Detailed Analysis
A Reddit user posting in the r/ClaudeAI community has raised questions about dramatic variability in Claude's reported response token counts, observing swings ranging from roughly 40,000 tokens to as high as 4 million tokens for different responses. The post, accompanied by a screenshot, reflects genuine user confusion about whether such figures represent a technical malfunction or reflect legitimate computational work occurring beneath the surface. The question itself points to a meaningful gap in user-facing transparency around how modern large language models account for and display token usage.
The most likely explanation for the dramatic upper-bound figures lies in Claude's extended thinking capability, introduced prominently with Claude 3.7 Sonnet. When extended thinking is enabled — either by the platform or by default on complex queries — the model generates a substantial internal chain-of-thought reasoning process before producing its final visible response. These internal reasoning tokens are often counted and billed separately but can dwarf the visible output, with Anthropic's own documentation noting that thinking token budgets can reach into the tens of thousands or higher depending on configuration. A figure approaching 4 million tokens, however, would be unusual even for extended thinking and may suggest either a rendering or display anomaly in the interface, or an edge case involving very large context windows being passed in conjunction with extended reasoning.
The inconsistency the user observes — 40K on some queries, 4M on others — is consistent with the non-deterministic and query-dependent nature of extended thinking activation and depth. Simpler conversational queries may trigger little to no extended reasoning, while complex technical, mathematical, or multi-step problems can cause the model to engage in far more elaborate internal deliberation. This behavior is by design: Anthropic has positioned extended thinking as a way for Claude to "think before it speaks," improving performance on hard reasoning tasks at the cost of higher token consumption and latency.

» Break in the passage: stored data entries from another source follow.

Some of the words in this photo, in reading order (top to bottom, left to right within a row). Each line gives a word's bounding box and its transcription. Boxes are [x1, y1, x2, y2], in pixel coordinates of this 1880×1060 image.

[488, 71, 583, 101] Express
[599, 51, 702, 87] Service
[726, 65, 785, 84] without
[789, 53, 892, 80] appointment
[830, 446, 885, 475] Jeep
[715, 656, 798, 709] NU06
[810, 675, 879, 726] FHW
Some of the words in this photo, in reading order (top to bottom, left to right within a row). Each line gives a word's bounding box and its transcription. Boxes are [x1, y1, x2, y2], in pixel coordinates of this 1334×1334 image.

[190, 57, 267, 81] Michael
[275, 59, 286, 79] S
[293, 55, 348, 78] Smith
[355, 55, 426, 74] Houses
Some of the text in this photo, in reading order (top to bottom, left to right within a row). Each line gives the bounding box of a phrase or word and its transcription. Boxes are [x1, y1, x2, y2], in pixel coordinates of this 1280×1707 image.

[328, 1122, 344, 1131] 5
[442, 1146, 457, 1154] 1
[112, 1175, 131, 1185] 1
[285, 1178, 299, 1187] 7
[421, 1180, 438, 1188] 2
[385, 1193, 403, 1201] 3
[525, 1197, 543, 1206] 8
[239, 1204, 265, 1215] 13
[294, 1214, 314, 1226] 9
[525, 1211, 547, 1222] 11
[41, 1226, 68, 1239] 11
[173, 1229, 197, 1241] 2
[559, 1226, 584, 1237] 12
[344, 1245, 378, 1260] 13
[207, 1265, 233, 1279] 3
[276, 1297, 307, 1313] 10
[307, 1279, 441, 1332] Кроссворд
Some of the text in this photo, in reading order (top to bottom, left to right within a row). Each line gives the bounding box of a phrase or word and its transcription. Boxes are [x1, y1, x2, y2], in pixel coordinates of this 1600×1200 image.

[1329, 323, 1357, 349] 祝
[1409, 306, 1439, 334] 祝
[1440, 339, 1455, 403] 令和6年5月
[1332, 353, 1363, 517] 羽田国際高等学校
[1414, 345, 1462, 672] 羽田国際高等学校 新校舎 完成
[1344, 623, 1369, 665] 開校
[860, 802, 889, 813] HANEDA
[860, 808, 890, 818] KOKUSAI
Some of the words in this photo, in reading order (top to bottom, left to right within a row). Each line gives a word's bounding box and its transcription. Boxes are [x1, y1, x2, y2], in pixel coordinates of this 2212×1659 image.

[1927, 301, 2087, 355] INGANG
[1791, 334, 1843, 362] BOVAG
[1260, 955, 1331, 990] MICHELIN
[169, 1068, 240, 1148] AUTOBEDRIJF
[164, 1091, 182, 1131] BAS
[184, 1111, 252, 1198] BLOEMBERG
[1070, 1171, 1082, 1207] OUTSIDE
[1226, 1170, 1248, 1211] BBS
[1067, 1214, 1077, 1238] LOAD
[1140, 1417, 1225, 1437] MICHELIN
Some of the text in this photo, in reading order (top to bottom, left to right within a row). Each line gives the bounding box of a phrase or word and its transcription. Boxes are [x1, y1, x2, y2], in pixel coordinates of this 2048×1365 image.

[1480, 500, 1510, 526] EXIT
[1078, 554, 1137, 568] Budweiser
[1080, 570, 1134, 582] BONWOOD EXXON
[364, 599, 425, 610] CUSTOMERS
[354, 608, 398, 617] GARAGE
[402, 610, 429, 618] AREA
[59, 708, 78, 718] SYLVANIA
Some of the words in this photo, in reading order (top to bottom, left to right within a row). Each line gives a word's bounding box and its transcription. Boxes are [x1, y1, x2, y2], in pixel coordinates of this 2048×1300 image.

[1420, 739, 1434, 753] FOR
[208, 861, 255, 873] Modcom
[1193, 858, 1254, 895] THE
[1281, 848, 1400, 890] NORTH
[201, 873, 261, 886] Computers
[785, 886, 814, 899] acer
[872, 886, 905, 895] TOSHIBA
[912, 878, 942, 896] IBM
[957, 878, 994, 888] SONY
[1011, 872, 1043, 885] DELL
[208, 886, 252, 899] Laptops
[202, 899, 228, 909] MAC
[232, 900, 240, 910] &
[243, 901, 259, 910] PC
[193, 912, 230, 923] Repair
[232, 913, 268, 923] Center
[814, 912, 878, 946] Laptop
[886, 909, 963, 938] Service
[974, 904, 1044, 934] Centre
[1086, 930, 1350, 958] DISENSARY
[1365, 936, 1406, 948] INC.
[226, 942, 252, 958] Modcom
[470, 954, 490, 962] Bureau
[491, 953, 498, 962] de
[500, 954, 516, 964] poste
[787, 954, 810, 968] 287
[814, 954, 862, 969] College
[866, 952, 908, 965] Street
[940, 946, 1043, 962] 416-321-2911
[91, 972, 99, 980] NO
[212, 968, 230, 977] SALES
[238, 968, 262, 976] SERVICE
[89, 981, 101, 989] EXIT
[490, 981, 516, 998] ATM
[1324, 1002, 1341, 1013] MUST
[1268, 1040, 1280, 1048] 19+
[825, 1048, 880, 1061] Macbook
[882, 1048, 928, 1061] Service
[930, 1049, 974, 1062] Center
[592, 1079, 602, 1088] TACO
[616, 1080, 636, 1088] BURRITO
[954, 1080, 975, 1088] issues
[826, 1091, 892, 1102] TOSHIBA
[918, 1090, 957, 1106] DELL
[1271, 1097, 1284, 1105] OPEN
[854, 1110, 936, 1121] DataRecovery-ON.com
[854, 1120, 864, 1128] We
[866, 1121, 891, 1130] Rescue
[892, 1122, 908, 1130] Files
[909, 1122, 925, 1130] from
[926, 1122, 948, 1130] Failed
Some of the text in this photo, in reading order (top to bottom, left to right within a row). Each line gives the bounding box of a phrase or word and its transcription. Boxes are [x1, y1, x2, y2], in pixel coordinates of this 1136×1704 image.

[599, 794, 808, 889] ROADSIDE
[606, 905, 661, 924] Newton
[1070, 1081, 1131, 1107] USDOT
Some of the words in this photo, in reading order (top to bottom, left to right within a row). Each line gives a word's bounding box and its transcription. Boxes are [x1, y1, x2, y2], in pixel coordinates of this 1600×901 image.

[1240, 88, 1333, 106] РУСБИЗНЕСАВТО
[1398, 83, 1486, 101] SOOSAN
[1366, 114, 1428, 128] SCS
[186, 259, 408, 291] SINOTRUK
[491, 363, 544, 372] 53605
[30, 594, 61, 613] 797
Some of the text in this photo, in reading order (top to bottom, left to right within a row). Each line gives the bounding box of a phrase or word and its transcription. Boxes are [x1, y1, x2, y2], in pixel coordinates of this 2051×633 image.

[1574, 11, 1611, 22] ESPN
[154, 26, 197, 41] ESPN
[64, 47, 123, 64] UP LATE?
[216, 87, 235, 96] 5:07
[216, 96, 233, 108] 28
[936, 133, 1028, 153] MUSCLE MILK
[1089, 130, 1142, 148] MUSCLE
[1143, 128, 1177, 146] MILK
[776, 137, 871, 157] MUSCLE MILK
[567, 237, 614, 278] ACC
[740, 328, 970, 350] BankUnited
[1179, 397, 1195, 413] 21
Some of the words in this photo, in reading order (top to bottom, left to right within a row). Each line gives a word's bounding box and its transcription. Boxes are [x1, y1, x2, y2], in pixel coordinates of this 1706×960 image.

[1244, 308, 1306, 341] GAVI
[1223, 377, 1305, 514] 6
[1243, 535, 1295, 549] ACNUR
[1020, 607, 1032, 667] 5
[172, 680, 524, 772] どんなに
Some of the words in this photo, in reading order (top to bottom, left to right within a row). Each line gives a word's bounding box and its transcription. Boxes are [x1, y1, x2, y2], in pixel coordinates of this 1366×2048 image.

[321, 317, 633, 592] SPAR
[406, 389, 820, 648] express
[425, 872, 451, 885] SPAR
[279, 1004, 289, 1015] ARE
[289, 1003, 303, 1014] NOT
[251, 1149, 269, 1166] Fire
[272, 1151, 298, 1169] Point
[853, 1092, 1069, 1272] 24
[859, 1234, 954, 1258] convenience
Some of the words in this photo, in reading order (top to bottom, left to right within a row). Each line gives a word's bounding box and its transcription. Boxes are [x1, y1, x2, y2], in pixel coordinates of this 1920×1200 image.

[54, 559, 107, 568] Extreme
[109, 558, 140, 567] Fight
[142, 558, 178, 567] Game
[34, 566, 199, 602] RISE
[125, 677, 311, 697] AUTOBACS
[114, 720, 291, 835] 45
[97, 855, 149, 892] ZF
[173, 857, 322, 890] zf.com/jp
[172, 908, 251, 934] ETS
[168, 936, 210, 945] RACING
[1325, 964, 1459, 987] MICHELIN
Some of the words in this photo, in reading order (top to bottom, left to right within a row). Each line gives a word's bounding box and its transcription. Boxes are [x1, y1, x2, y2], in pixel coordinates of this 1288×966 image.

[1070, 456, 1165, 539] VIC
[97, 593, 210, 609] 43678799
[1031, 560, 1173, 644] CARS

The broader context here touches on a growing challenge in the AI industry: as models become more capable through mechanisms like chain-of-thought reasoning, tool use, and multi-step agentic behavior, the relationship between a user's visible interaction and the underlying computational work becomes increasingly opaque. Token counts that were once simple proxies for response length now reflect complex internal processes that users may never directly observe. This creates friction for developers and end users alike who are trying to manage costs, set expectations, or debug unexpected behavior — a transparency and UX problem that the entire frontier AI ecosystem, not just Anthropic, has yet to fully solve.